## Exercise goal
Images within the entries are to be omitted; the remainder must be reproduced exactly.

** Data for analysis follows **

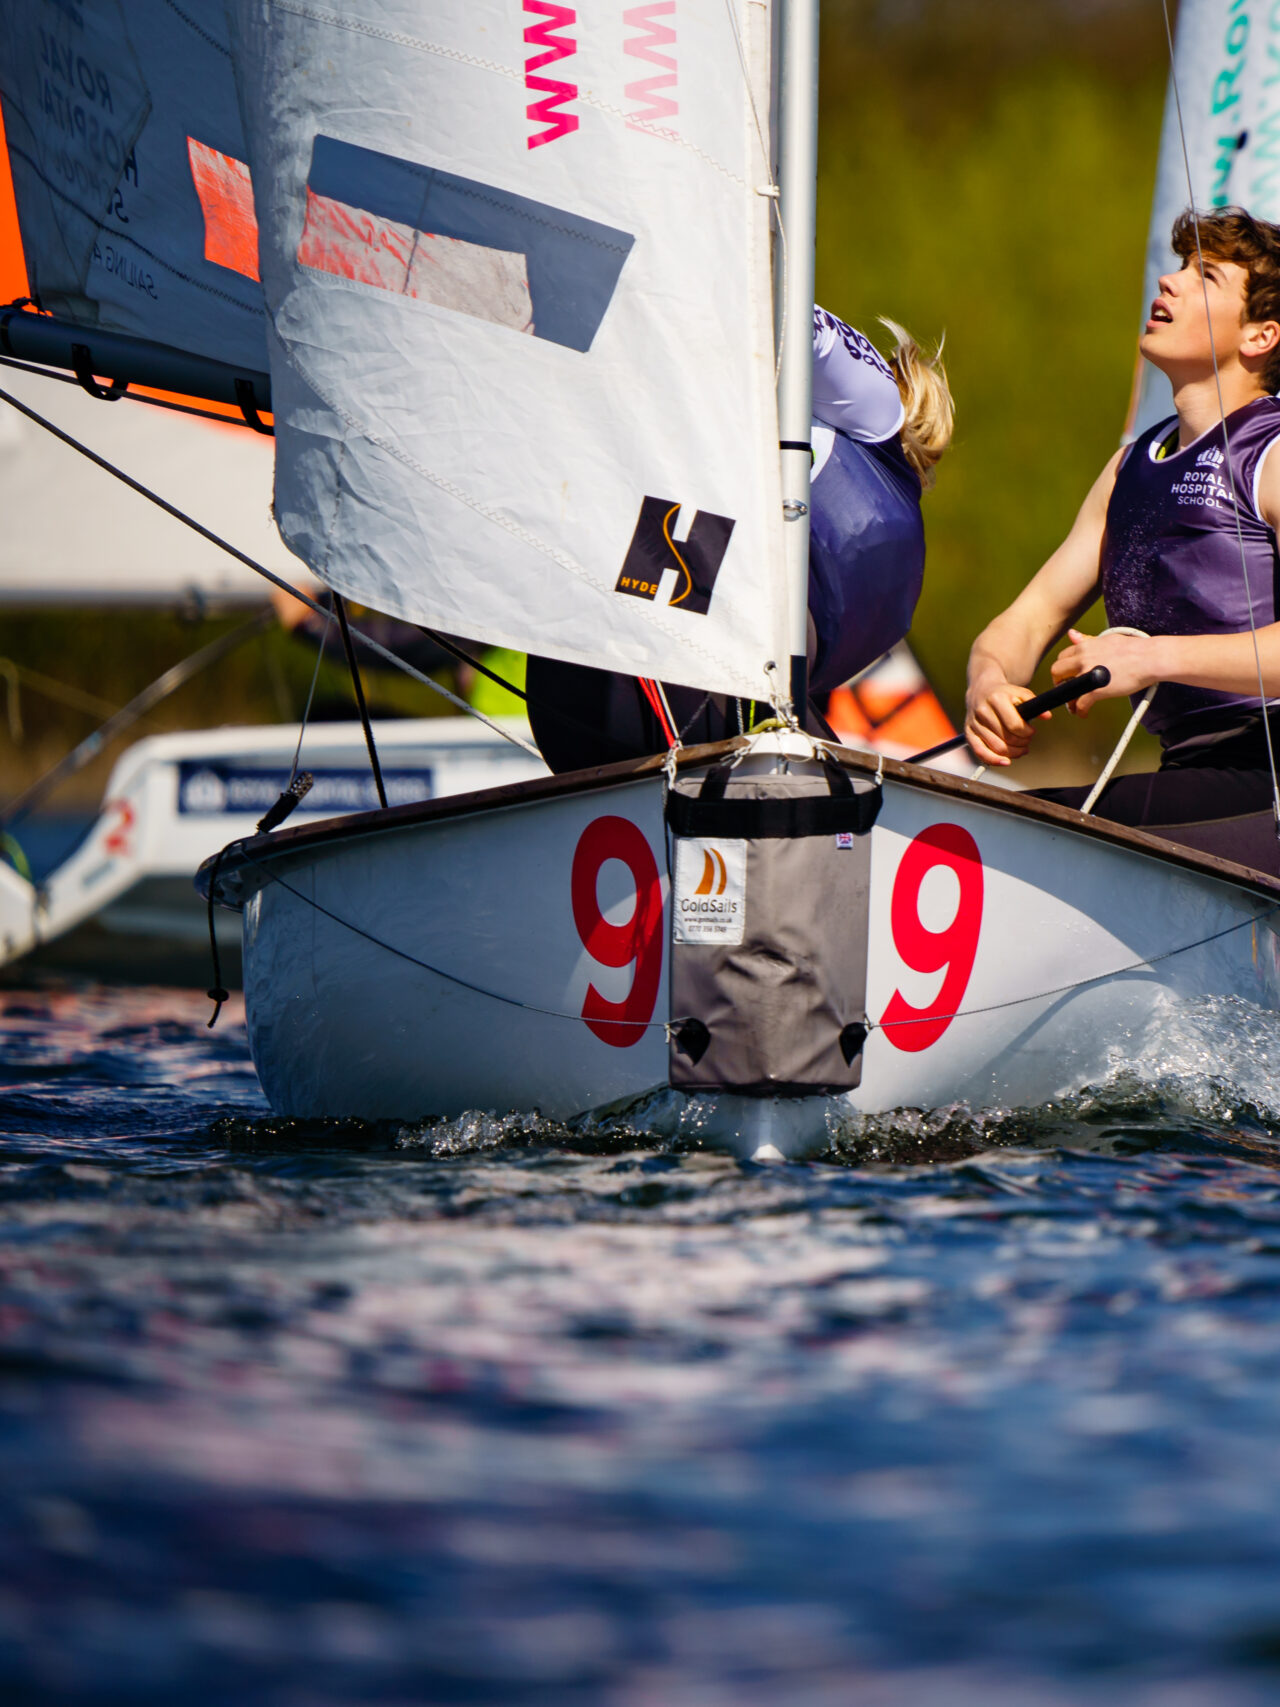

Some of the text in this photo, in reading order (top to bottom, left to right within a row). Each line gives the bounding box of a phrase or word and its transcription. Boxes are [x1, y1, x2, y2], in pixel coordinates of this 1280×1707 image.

[1183, 471, 1226, 488] ROYAL
[1170, 483, 1235, 502] HOSPITAL
[1177, 495, 1223, 509] SCHOOL
[620, 576, 659, 596] HYDE
[681, 898, 737, 913] GoldSails
[571, 815, 663, 1049] 9
[879, 822, 985, 1053] 9

** End of Data for analysis **

## Exercise response
Some of the text in this photo, in reading order (top to bottom, left to right within a row). Each line gives the bounding box of a phrase or word and its transcription. Boxes are [x1, y1, x2, y2], in pixel coordinates of this 1280×1707 image.

[1183, 471, 1226, 488] ROYAL
[1170, 483, 1235, 502] HOSPITAL
[1177, 495, 1223, 509] SCHOOL
[620, 576, 659, 596] HYDE
[681, 898, 737, 913] GoldSails
[571, 815, 663, 1049] 9
[879, 822, 985, 1053] 9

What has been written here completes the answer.